Constitutional Law-The Bill of Rights

The first ten amendments to the Constitution are referred to as the Bill of Rights. They contain many of the most fundamental rights enjoyed by the American people.

The First Amendment states that Congress has no authority to make any law “respecting an establishment of religion or prohibiting the free exercise of religion.” It further states that Congress can do nothing to restrict freedom of speech or freedom of press, or the right of the people to peaceably assemble and to petition the government.

The Second Amendment deals with the right to bear arms, but is written in the context of bearing arms as part of a regulated militia.

The Third Amendment states that the government cannot, in time of peace, quarter soldiers in a private home without the consent of the owner. In time of war, the government may only do so in a manner prescribed by law.

The Fourth Amendment deals with unreasonable searches. It expressly states that people shall be secure in their persons, houses, and papers from unreasonable searches and seizures by governmental authorities. It further states that search warrants may be issued only upon a finding of probable cause. That means there must be a determination made, based upon substantial, believable evidence, that the person to be searched has committed a crime or the place to be searched contains evidence of a crime.

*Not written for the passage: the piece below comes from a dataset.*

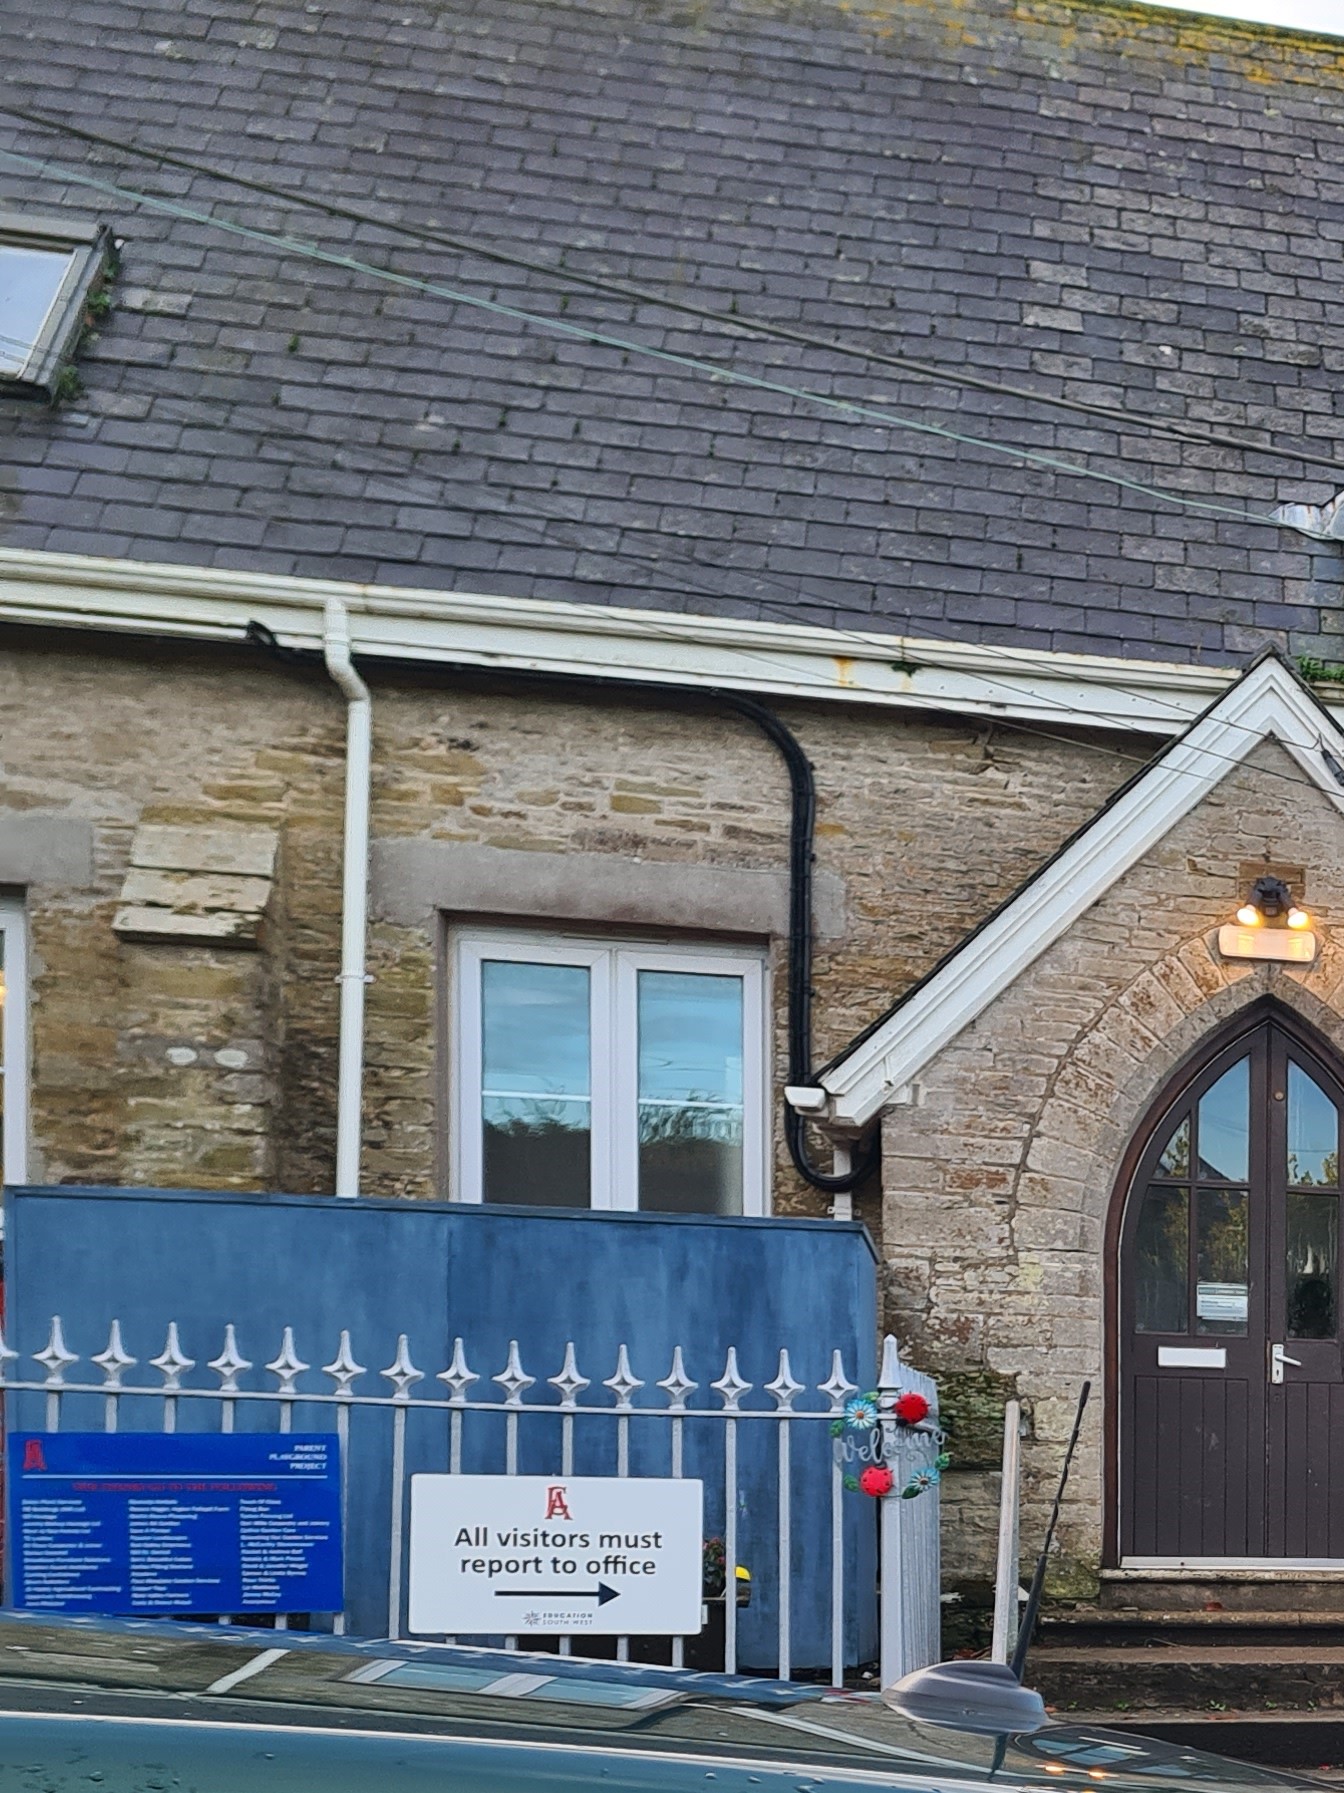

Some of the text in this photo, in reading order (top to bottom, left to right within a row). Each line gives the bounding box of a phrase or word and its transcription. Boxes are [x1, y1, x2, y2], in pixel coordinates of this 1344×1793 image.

[454, 1527, 662, 1549] All visitors must
[461, 1555, 656, 1578] report to office

The Fifth Amendment defines the concept known as double jeopardy, which means that a person cannot be tried twice for the same crime. That same Amendment further sets forth the right against selfincrimination—that a person cannot be made to testify against him- or herself. This Amendment also contains the foundation of the Due Process Clause, which states that a person cannot be deprived of life, liberty, or property without due process of law.

Due process is a critical concept to our entire legal system. It requires two things:

1. a person must be given notice of the charges or claims made against him or her and

2. a person must be given an opportunity to answer those charges or claims before he or she can be deprived of life, liberty, or property.

The Sixth Amendment provides for the right to a speedy trial and the right to a jury trial in a criminal proceeding. This Amendment further sets forth the right to confrontation in a criminal case, meaning that a person accused of a crime has the right:

* to confront the witness who is making the claim against him or her;
* to compel witnesses in his or her favor to appear in court and give testimony; and,
* to be represented by a competent lawyer in the defense of that criminal charge.

The Seventh Amendment preserves the right to have a jury trial in certain civil cases.

The Eighth Amendment prohibits excessive bail and further disallows punishment that is deemed to be cruel and unusual. This Amendment has been used to argue against capital punishment and other forms of punishment over the years.

The Ninth Amendment states that just because certain rights are set forth in the Constitution does not mean they are the only rights people have. That is to say, whatever other rights the people have, they still retain.

The Tenth Amendment limits the power of the federal government by stating that powers not delegated to the United States Government by the Constitution and not prohibited by the Constitution to the states are expressly reserved to the states or to the people. The initial framers of the Constitution viewed the U.S. Government as a government of limited authority. Whatever authority was not placed in the United States Government rested with the states.